■ **Task**
Each line of data below is to be returned exactly, leaving out any picture.

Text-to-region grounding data
# # # # #
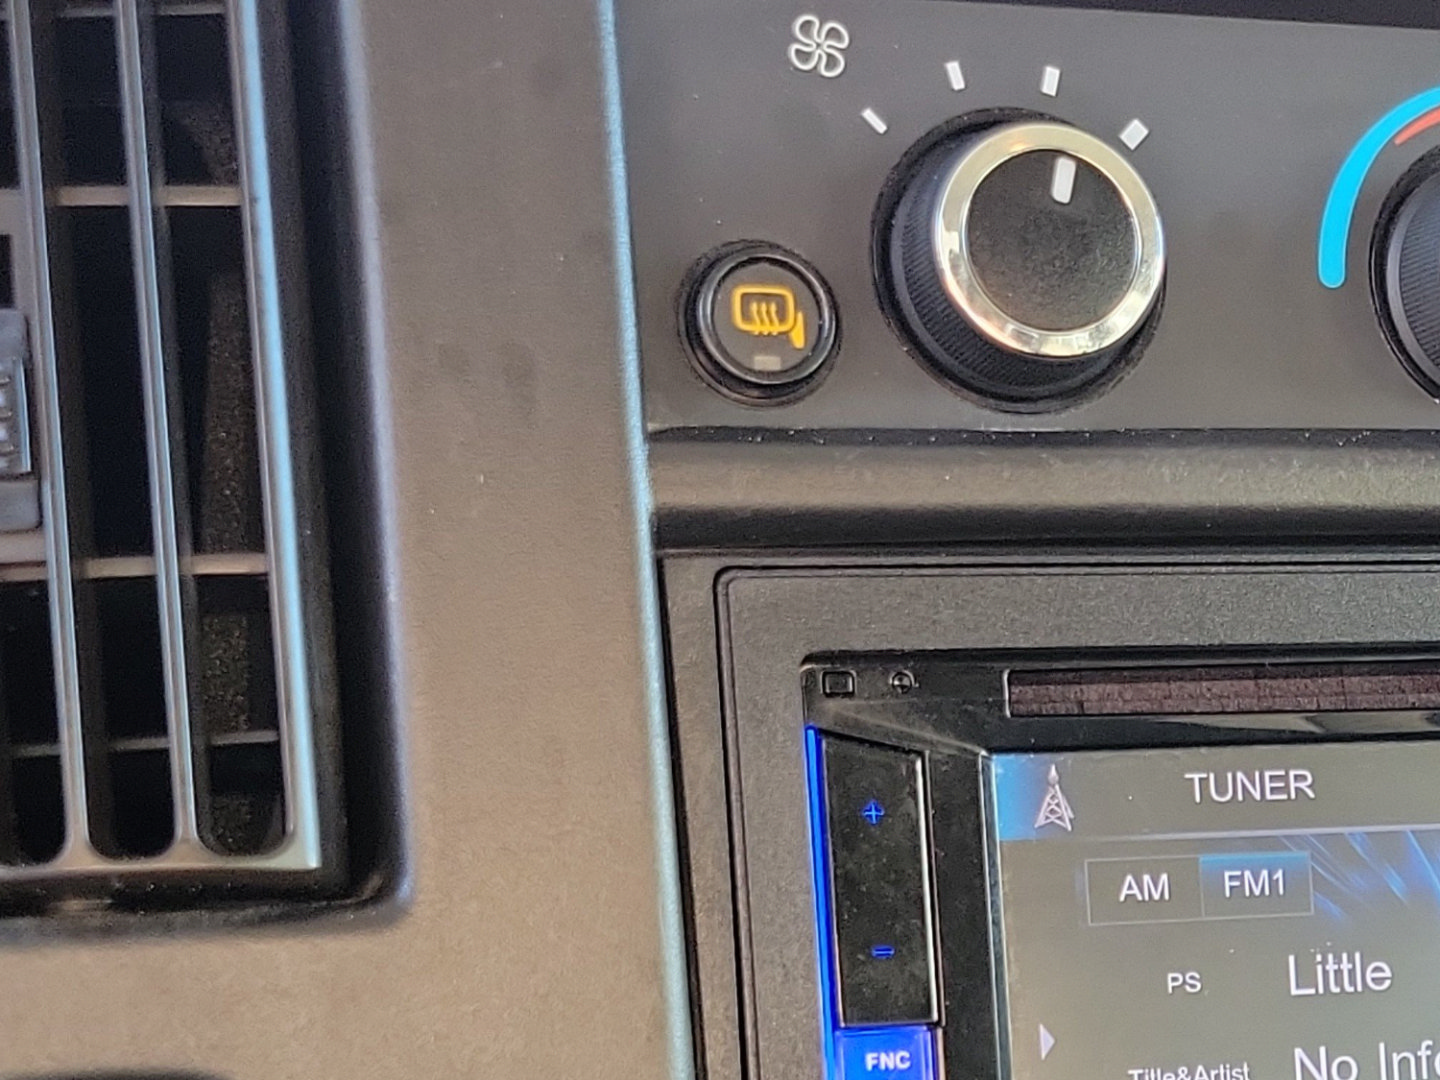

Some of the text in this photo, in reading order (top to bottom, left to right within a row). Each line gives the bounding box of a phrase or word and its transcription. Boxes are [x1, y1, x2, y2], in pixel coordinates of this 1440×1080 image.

[1184, 769, 1316, 804] TUNER
[1118, 873, 1171, 902] AM
[1223, 868, 1287, 898] FM1
[1166, 972, 1203, 995] PS
[1287, 951, 1394, 998] Little
[865, 1050, 912, 1072] FNC
# # # # #
■ **Solved exercise**
Some of the text in this photo, in reading order (top to bottom, left to right within a row). Each line gives the bounding box of a phrase or word and its transcription. Boxes are [x1, y1, x2, y2], in pixel coordinates of this 1440×1080 image.

[1184, 769, 1316, 804] TUNER
[1118, 873, 1171, 902] AM
[1223, 868, 1287, 898] FM1
[1166, 972, 1203, 995] PS
[1287, 951, 1394, 998] Little
[865, 1050, 912, 1072] FNC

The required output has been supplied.